Your answer must be the data repeated exactly, with no pictures in it.

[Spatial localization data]
# # # #

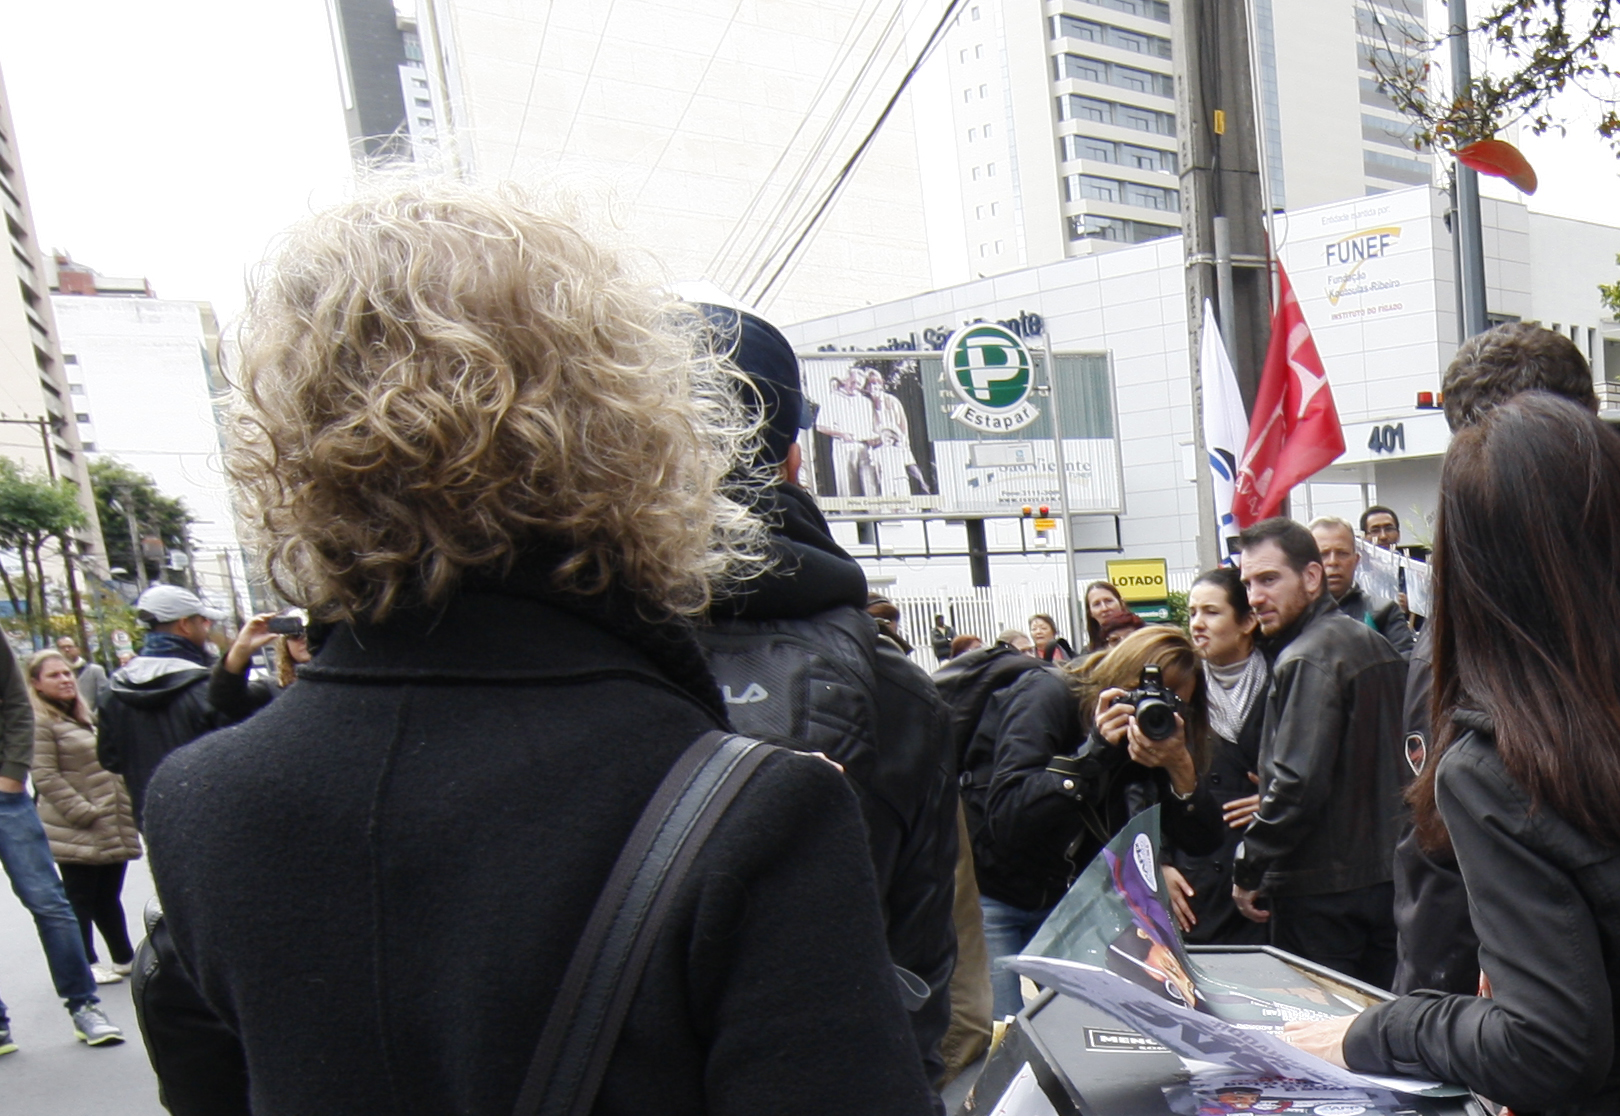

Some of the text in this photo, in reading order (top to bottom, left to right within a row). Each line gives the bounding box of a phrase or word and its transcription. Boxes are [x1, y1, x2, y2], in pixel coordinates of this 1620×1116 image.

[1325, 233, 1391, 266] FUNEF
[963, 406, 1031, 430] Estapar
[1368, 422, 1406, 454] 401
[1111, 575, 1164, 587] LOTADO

# # # #

#### Solution to this exercise:
Some of the text in this photo, in reading order (top to bottom, left to right within a row). Each line gives the bounding box of a phrase or word and its transcription. Boxes are [x1, y1, x2, y2], in pixel coordinates of this 1620×1116 image.

[1325, 233, 1391, 266] FUNEF
[963, 406, 1031, 430] Estapar
[1368, 422, 1406, 454] 401
[1111, 575, 1164, 587] LOTADO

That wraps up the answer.